Lunchtime Recitals are primarily non-thematic recitals in which the focus is variety. Each recital features music for at least two of the three oboes. The concerts are of varying lengths, from 40-55 minutes in total, including introductions, and will not include an encore.

Lunchtime Programmes 2010 - 2014

Lunchtime Programme 1

for Oboe, Cor Anglais & Piano (duration: 40-42 minutes)

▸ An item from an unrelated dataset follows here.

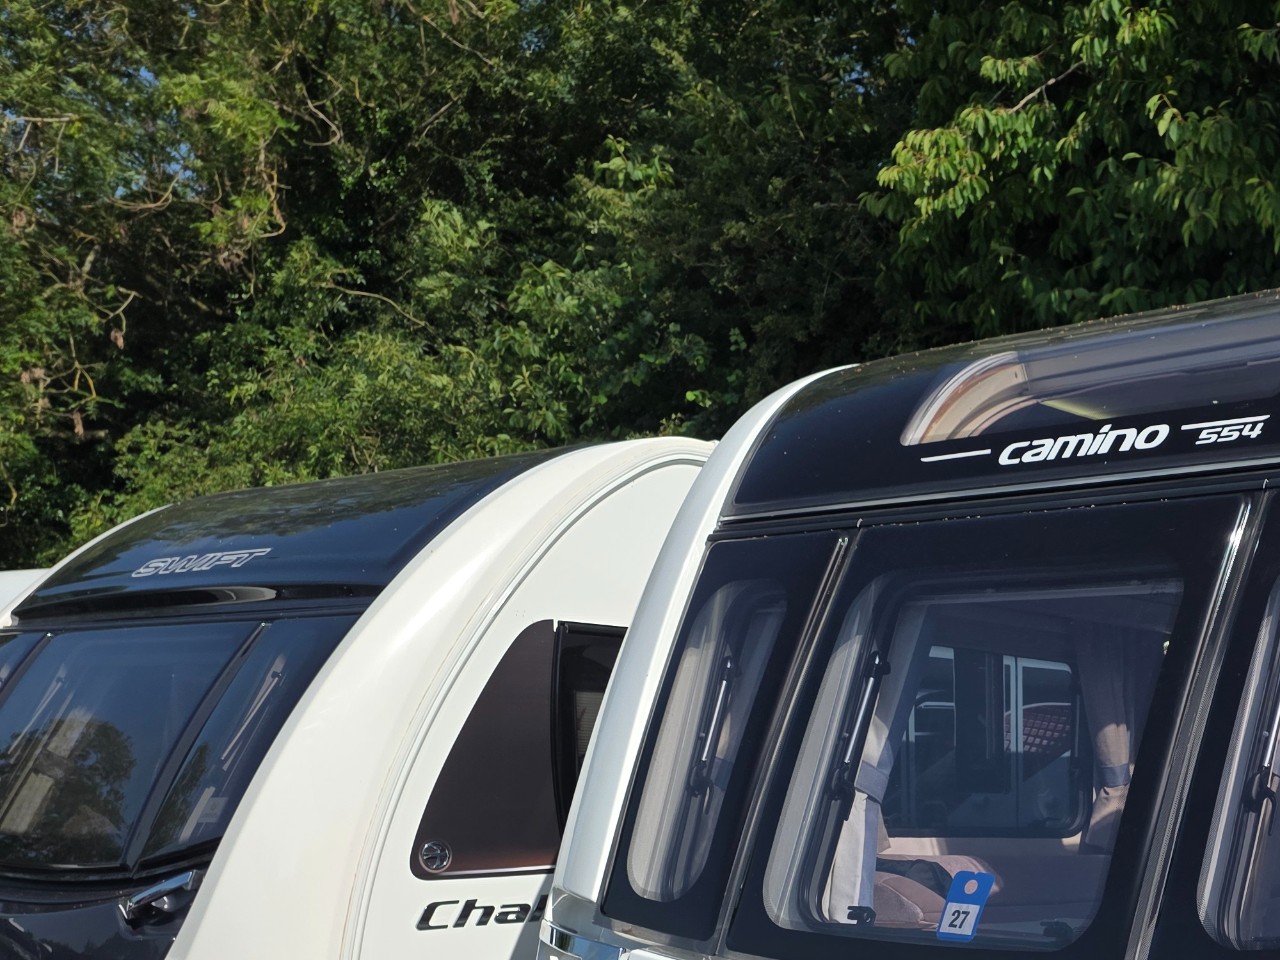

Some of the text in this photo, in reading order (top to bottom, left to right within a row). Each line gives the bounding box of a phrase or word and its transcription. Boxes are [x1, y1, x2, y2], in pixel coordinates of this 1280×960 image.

[998, 422, 1265, 466] camino 554
[131, 547, 273, 578] SWIFT
[947, 909, 971, 929] 27

2010 R. Schumann 200 years (b. 1810)
2012 C. Debussy 150 years (b. 1862)
Living Composers
Henri Dutilleux

In this programme, two examples of Schumann's mature chamber music - the delightfully reflective Abendlied, arranged by Schumann's friend, violinist Joseph Joachim, and the dynamic and exciting Adagio and Allegro, originally composed for horn and piano - are contrasted with music by French composers. The first two works were composed for Paris Conservatoire graduating competitions. The solo by Colin is an excellent example of the C19 salon style, whilst the second piece, by living composer Henri Dutilleux, is the most important oboe sonata of the first half of the C20. These two works can be viewed on the Video page. The transition between the first and second halves of the programme is mediated by Debussy's famous and marvellously atmospheric work for solo piano, La Cathédrale engloutie.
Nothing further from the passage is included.